(Annotated photo localization data)
┄┄┄┄┄┄┄┄┄┄

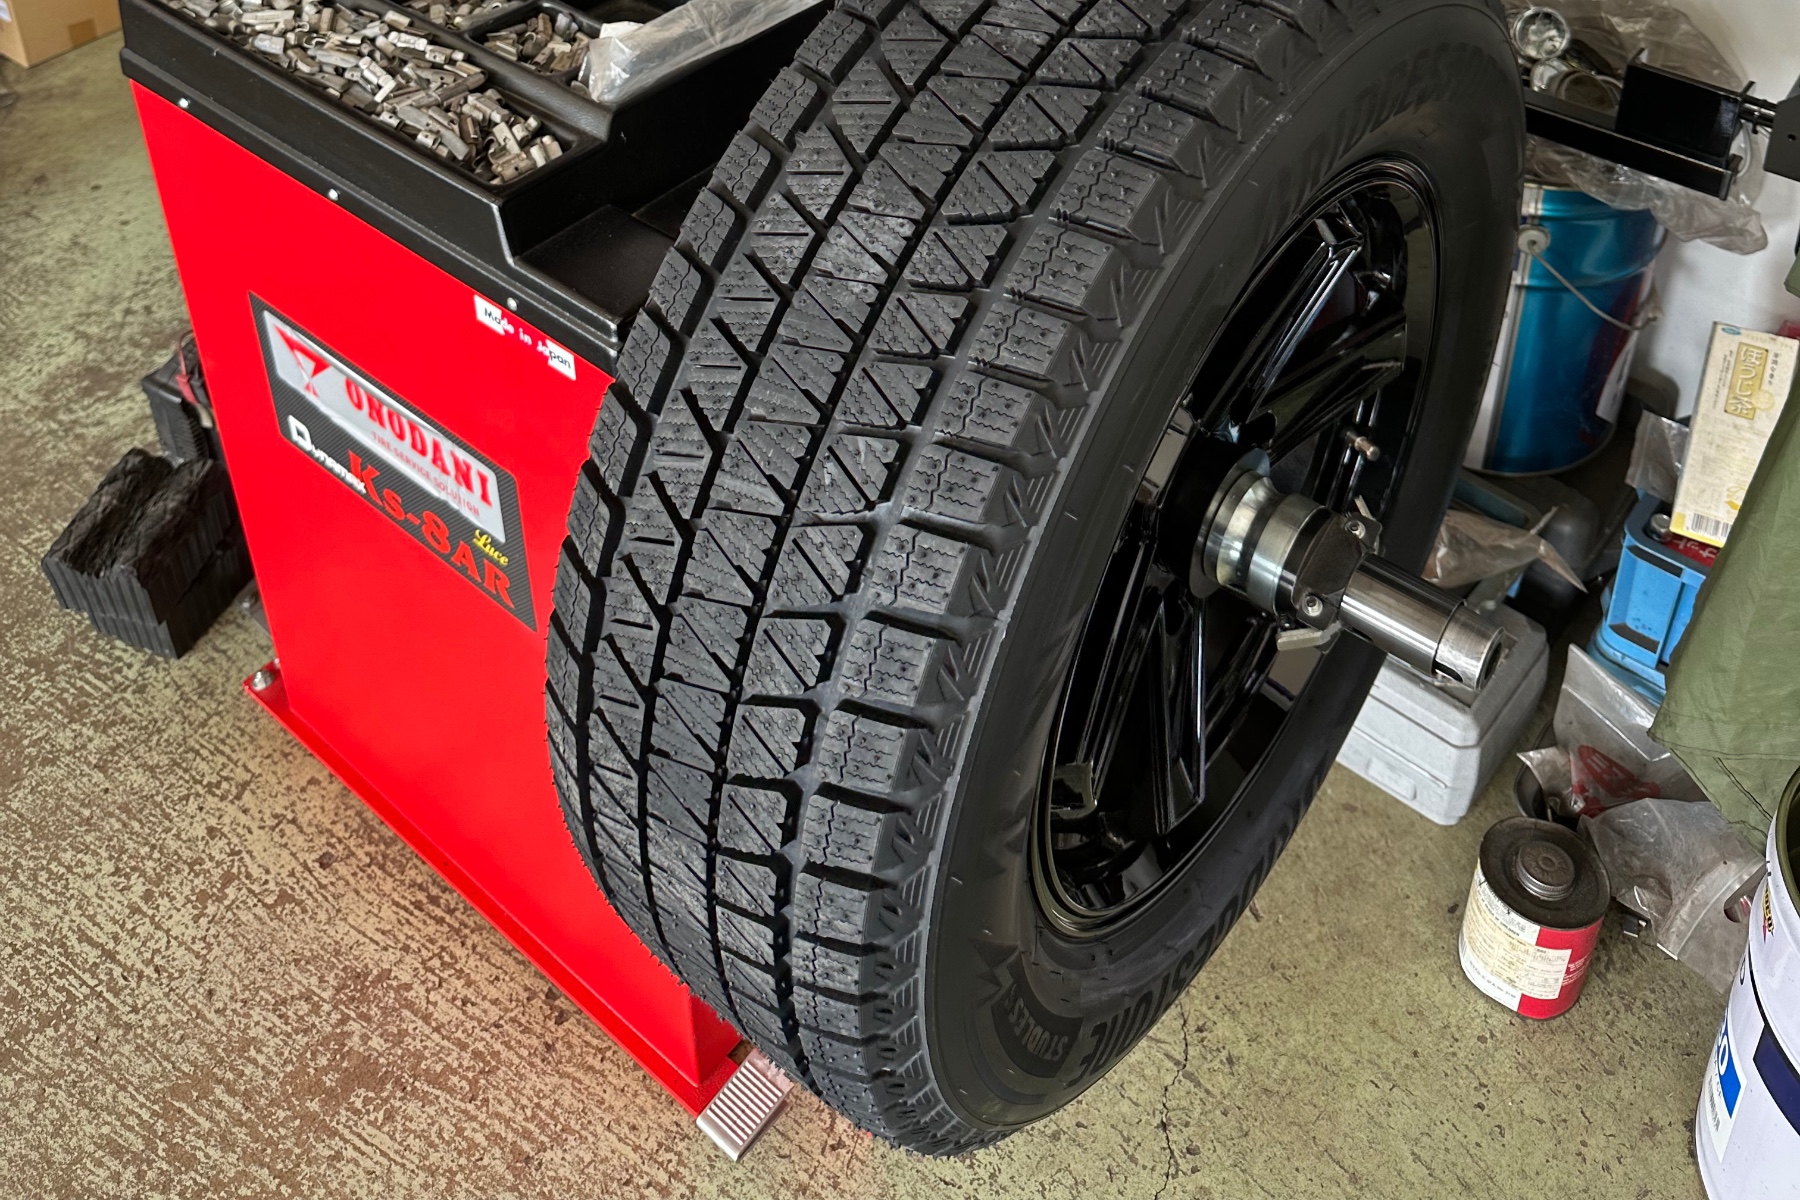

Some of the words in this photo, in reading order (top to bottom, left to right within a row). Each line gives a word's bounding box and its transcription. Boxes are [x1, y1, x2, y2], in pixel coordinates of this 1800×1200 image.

[483, 306, 515, 335] Made
[518, 326, 533, 346] in
[536, 340, 572, 370] Japan
[1728, 346, 1763, 416] ほうじ茶
[344, 375, 493, 508] ONODANI
[371, 430, 393, 452] TIRE
[393, 447, 432, 480] SERVICE
[433, 476, 481, 517] SOLUTION

┄┄┄┄┄┄┄┄┄┄

About this task. For this exercise, transcribe the data exactly but without its pictures.

Exercise output.
Some of the words in this photo, in reading order (top to bottom, left to right within a row). Each line gives a word's bounding box and its transcription. Boxes are [x1, y1, x2, y2], in pixel coordinates of this 1800×1200 image.

[483, 306, 515, 335] Made
[518, 326, 533, 346] in
[536, 340, 572, 370] Japan
[1728, 346, 1763, 416] ほうじ茶
[344, 375, 493, 508] ONODANI
[371, 430, 393, 452] TIRE
[393, 447, 432, 480] SERVICE
[433, 476, 481, 517] SOLUTION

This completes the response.